[PATCH v9 6/7] mm, folio_zero_user: support clearing page ranges

linux-mm.kvack.org archive mirror
 help / color / mirror / Atom feed

From: Ankur Arora <ankur.a.arora@oracle.com>
To: linux-kernel@vger.kernel.org, linux-mm@kvack.org, x86@kernel.org
Cc: akpm@linux-foundation.org, david@kernel.org, bp@alien8.de,
	dave.hansen@linux.intel.com, hpa@zytor.com, mingo@redhat.com,
	mjguzik@gmail.com, luto@kernel.org, peterz@infradead.org,
	tglx@linutronix.de, willy@infradead.org, raghavendra.kt@amd.com,
	boris.ostrovsky@oracle.com, konrad.wilk@oracle.com,
	ankur.a.arora@oracle.com
Subject: [PATCH v9 6/7] mm, folio_zero_user: support clearing page ranges
Date: Fri, 21 Nov 2025 12:23:51 -0800	[thread overview]
Message-ID: <20251121202352.494700-7-ankur.a.arora@oracle.com> (raw)
In-Reply-To: <20251121202352.494700-1-ankur.a.arora@oracle.com>

Clear contiguous page ranges in folio_zero_user() instead of clearing
a single page at a time. Exposing larger ranges enables extent based
processor optimizations.

However, because the underlying clearing primitives do not, or might
not be able to check to call cond_resched() to check if preemption
is required, limit the worst case preemption latency by doing the
clearing in no more than PROCESS_PAGES_NON_PREEMPT_BATCH units.

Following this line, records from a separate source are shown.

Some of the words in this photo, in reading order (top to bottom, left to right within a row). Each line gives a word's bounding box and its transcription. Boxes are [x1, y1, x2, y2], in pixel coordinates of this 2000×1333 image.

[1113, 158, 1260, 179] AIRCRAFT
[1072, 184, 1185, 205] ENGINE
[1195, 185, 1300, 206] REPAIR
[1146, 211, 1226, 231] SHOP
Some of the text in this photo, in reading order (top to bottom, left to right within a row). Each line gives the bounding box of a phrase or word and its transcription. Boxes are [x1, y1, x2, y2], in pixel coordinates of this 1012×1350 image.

For architectures that define clear_pages(), we assume that the
clearing is fast and define PROCESS_PAGES_NON_PREEMPT_BATCH as 8MB
worth of pages. This should be large enough to allow the processor
to optimize the operation and yet small enough that we see reasonable
preemption latency for when this optimization is not possible
(ex. slow microarchitectures, memory bandwidth saturation.)

Architectures that don't define clear_pages() will continue to use
the base value (single page). And, preemptible models don't need
invocations of cond_resched() so don't care about the batch size.

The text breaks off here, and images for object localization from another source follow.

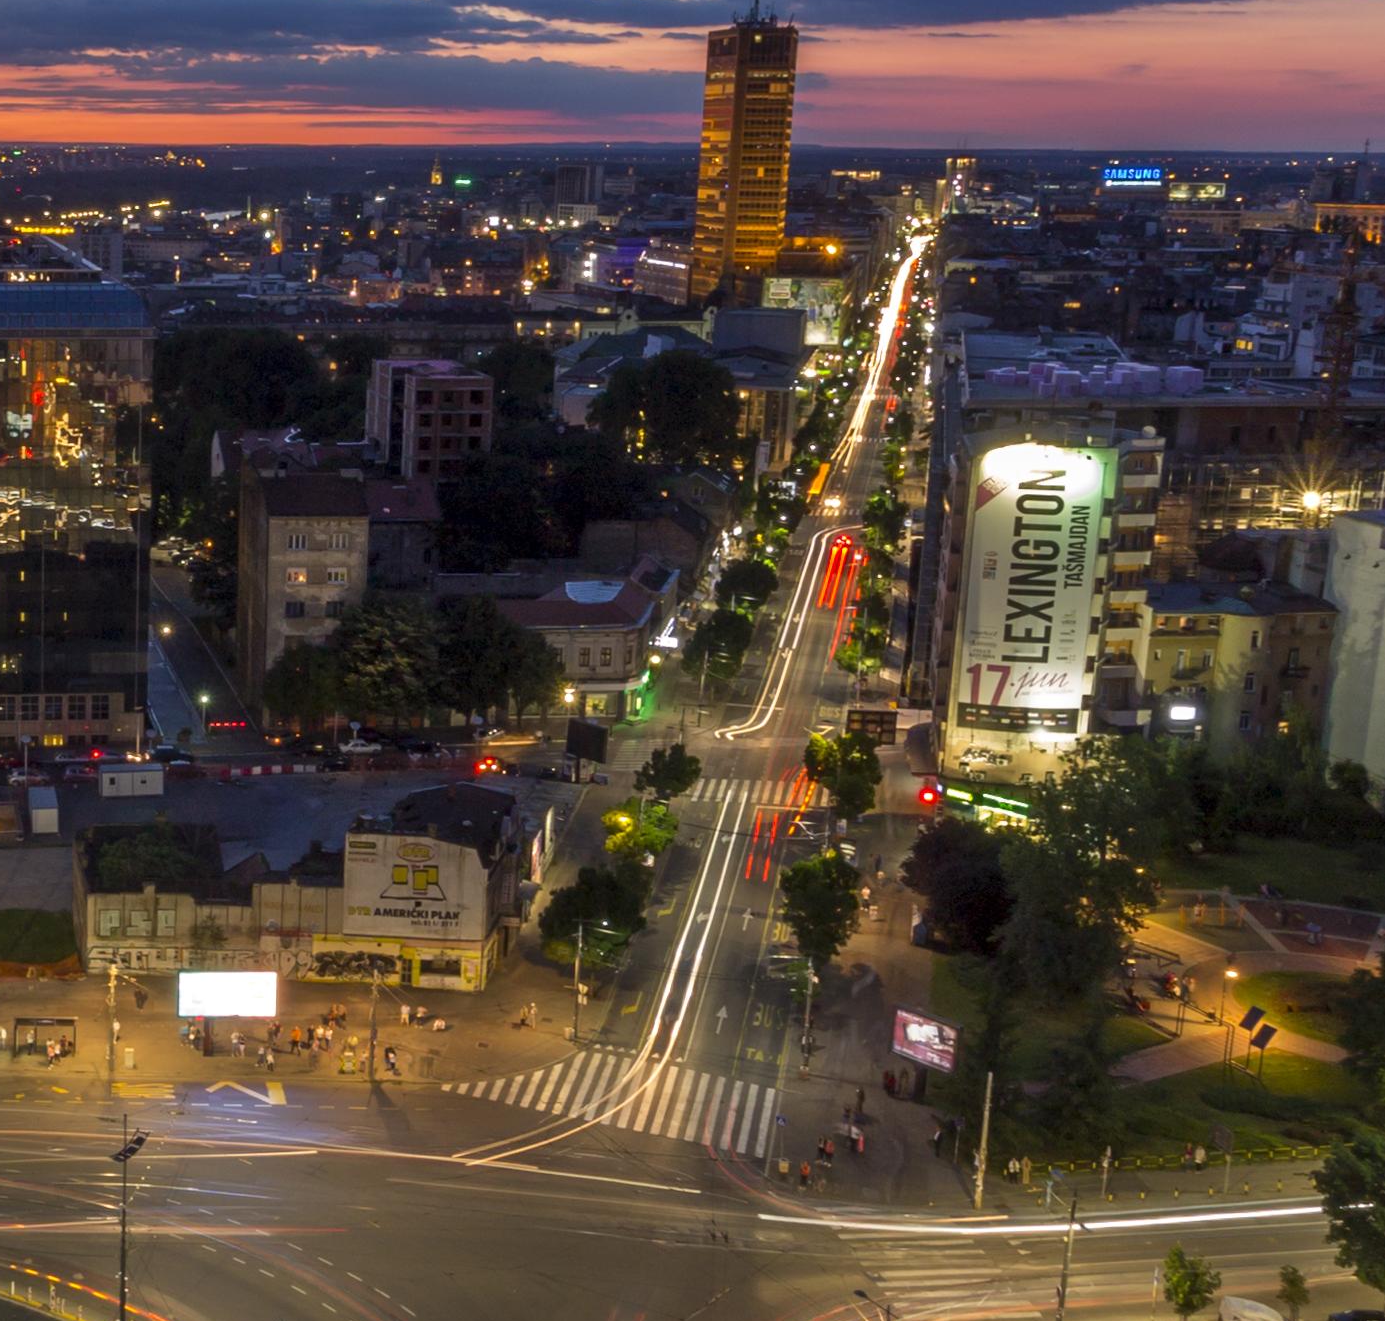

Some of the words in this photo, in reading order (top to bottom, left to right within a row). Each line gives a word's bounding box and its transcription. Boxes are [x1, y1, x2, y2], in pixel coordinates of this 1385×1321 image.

[1104, 168, 1161, 179] SAMSUNG
[1001, 470, 1066, 663] LEXINGTON
[1062, 506, 1090, 589] TAŠMAJDAN
[1014, 666, 1069, 699] jun
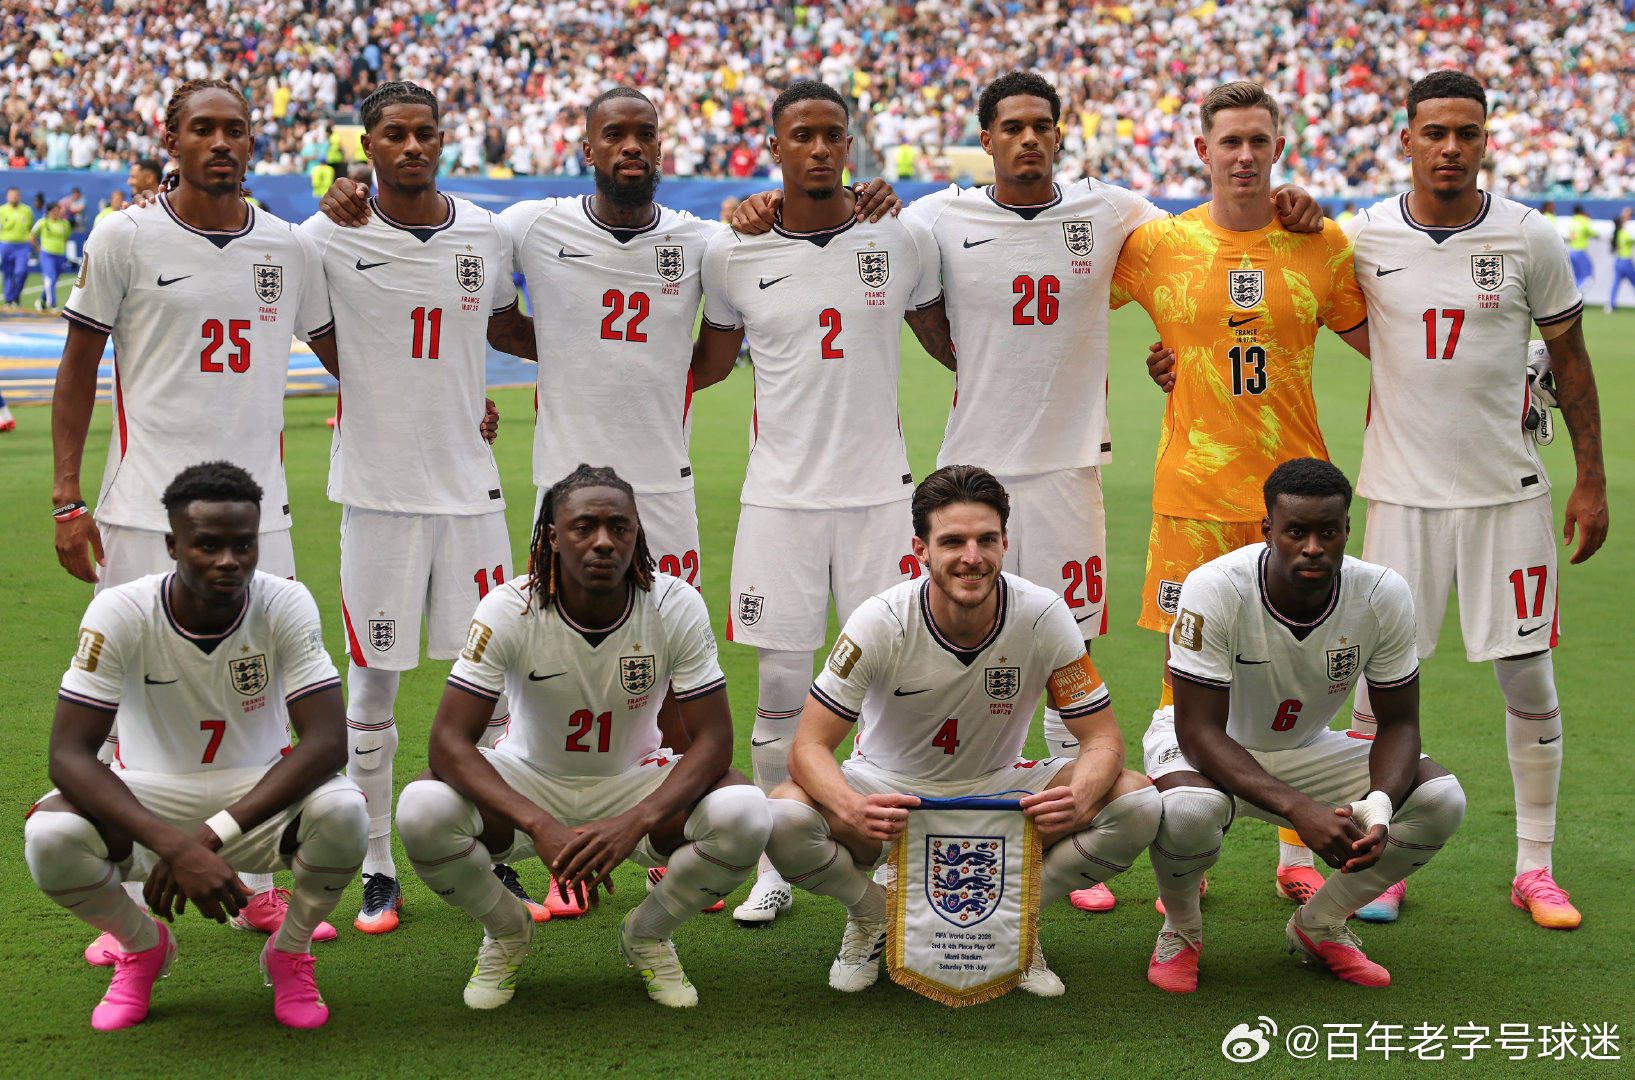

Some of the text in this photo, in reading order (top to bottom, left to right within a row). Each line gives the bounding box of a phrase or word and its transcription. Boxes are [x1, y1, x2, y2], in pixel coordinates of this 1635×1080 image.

[258, 306, 278, 315] FRANCE
[460, 296, 480, 304] FRANCE
[600, 288, 651, 343] 22
[1012, 275, 1061, 326] 26
[200, 319, 251, 373] 25
[411, 307, 442, 359] 11
[819, 307, 844, 359] 2
[1421, 308, 1466, 360] 17
[1227, 345, 1268, 396] 13
[1061, 555, 1104, 609] 26
[1508, 564, 1548, 620] 17
[1054, 668, 1088, 688] UNITES
[1070, 675, 1092, 693] World
[1071, 690, 1086, 700] FIFA
[627, 694, 649, 705] FRANCE
[1271, 699, 1303, 731] 6
[200, 720, 226, 764] 7
[565, 709, 612, 753] 21
[932, 718, 960, 755] 4
[965, 933, 976, 941] Cup
[974, 943, 986, 951] Play
[939, 963, 962, 971] Saturday
[944, 952, 960, 960] Miami

The resultant performance depends on the kinds of optimizations
available to the CPU for the region size being cleared. Two classes
of optimizations:

  - clearing iteration costs are amortized over a range larger
    than a single page.
  - cacheline allocation elision (seen on AMD Zen models).

Testing a demand fault workload shows an improved baseline from the
first optimization and a larger improvement when the region being
cleared is large enough for the second optimization.

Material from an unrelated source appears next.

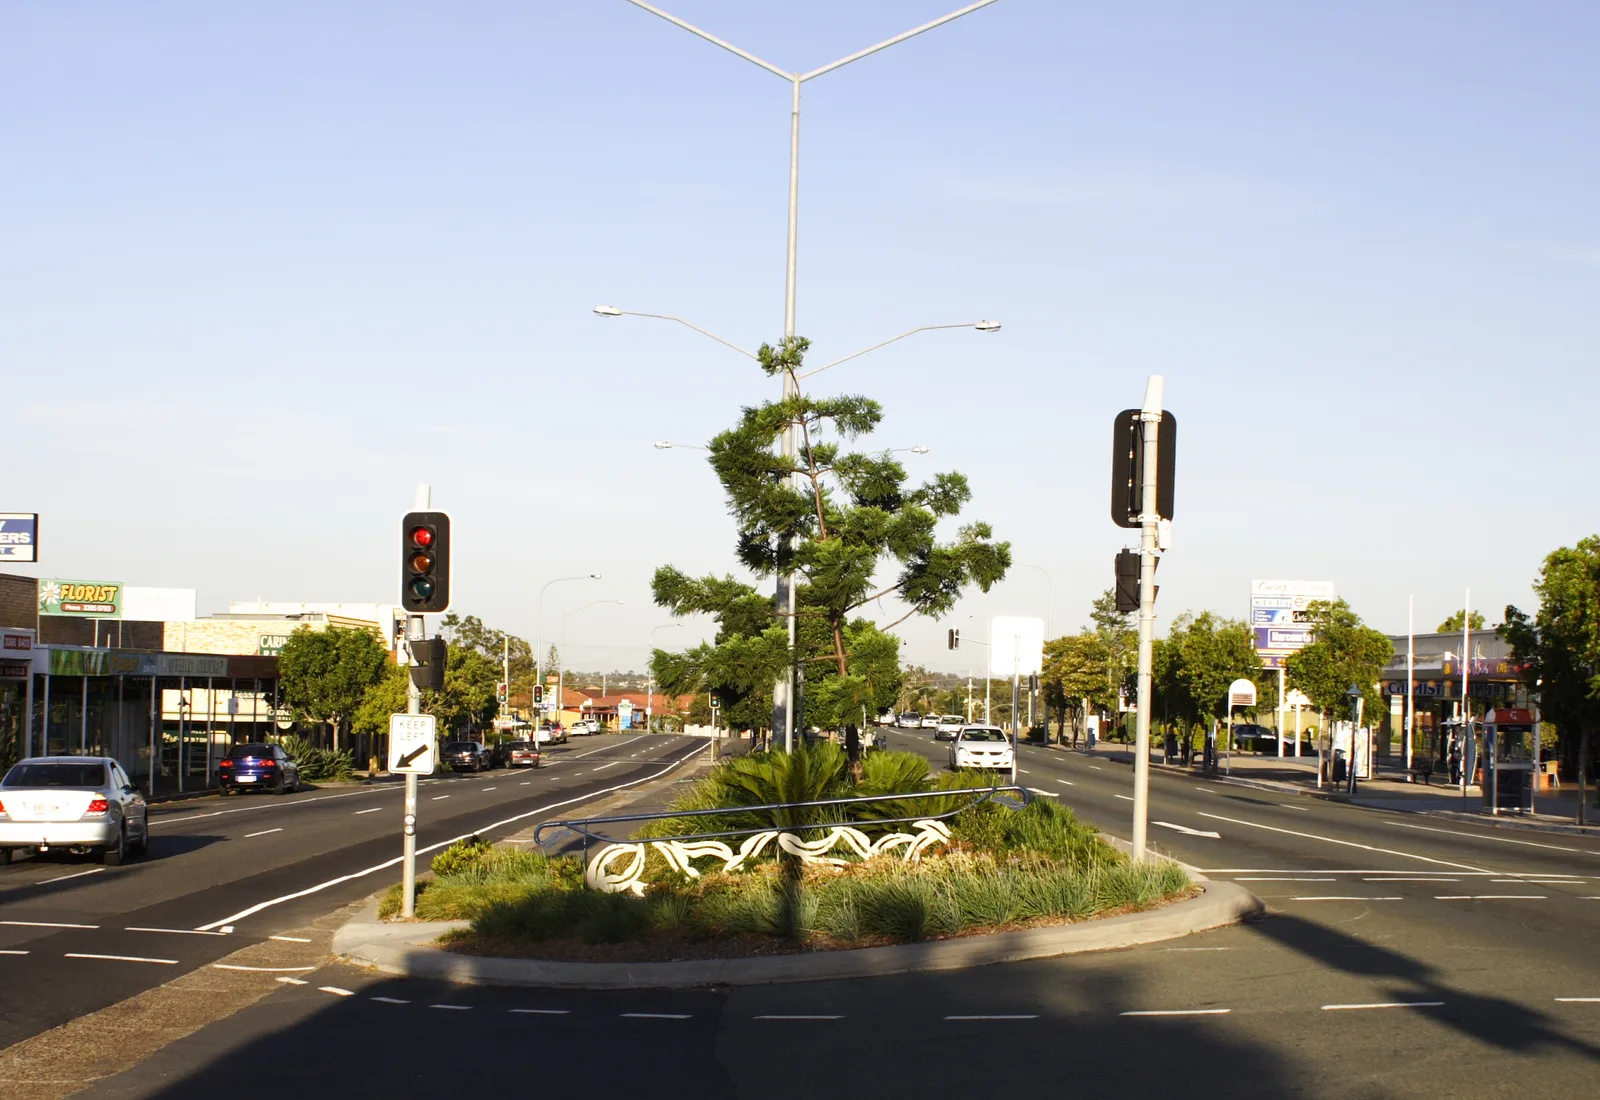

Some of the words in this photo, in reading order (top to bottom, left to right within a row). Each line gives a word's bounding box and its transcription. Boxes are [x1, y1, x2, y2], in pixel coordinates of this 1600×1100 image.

[60, 584, 118, 602] FLORIST
[1271, 631, 1312, 643] Harcourts
[400, 720, 427, 729] KEEP
[400, 732, 425, 741] LEFT

AMD Milan (EPYC 7J13, boost=0, region=64GB on the local NUMA node):

  $ perf bench mem mmap -p $pg-sz -f demand -s 64GB -l 5

                    page-at-a-time     contiguous clearing      change

                  (GB/s  +- %stdev)     (GB/s  +- %stdev)

   pg-sz=2MB       12.92  +- 2.55%        17.03  +-  0.70%       + 31.8%	preempt=*

   pg-sz=1GB       17.14  +- 2.27%        18.04  +-  1.05%       +  5.2%	preempt=none|voluntary
   pg-sz=1GB       17.26  +- 1.24%        42.17  +-  4.21% [#]   +144.3%	preempt=full|lazy

 [#] Notice that we perform much better with preempt=full|lazy. As
  mentioned above, preemptible models not needing explicit invocations
  of cond_resched() allows us to clear the full extent (1GB) in a
  single unit.
  In comparison the maximum extent used for preempt=none|voluntary is
  PROCESS_PAGES_NON_PREEMPT_BATCH (8MB).

  The larger extent allows the processor to elide cacheline
  allocation (on Milan the threshold is LLC-size=32MB.) 

Also as mentioned earlier, the baseline improvement is not specific to
AMD Zen platforms. Intel Icelakex (pg-sz=2MB|1GB) sees a similar
improvement as the Milan pg-sz=2MB workload above (~30%).

Signed-off-by: Ankur Arora <ankur.a.arora@oracle.com>
Reviewed-by: Raghavendra K T <raghavendra.kt@amd.com>
Tested-by: Raghavendra K T <raghavendra.kt@amd.com>
---

Notes:
   - Define PROCESS_PAGES_NON_PREEMPT_BATCH in common code (instead of
     inheriting ARCH_PAGE_CONTIG_NR.)
     - Also document this in much greater detail as clearing pages
       needing a a constant dependent on the preemption model is facially
       quite odd.
   - Minor loop reorganization in clear_contig_highpages().

 include/linux/mm.h | 35 +++++++++++++++++++++++++++++++++++
 mm/memory.c        | 46 +++++++++++++++++++++++++---------------------
 2 files changed, 60 insertions(+), 21 deletions(-)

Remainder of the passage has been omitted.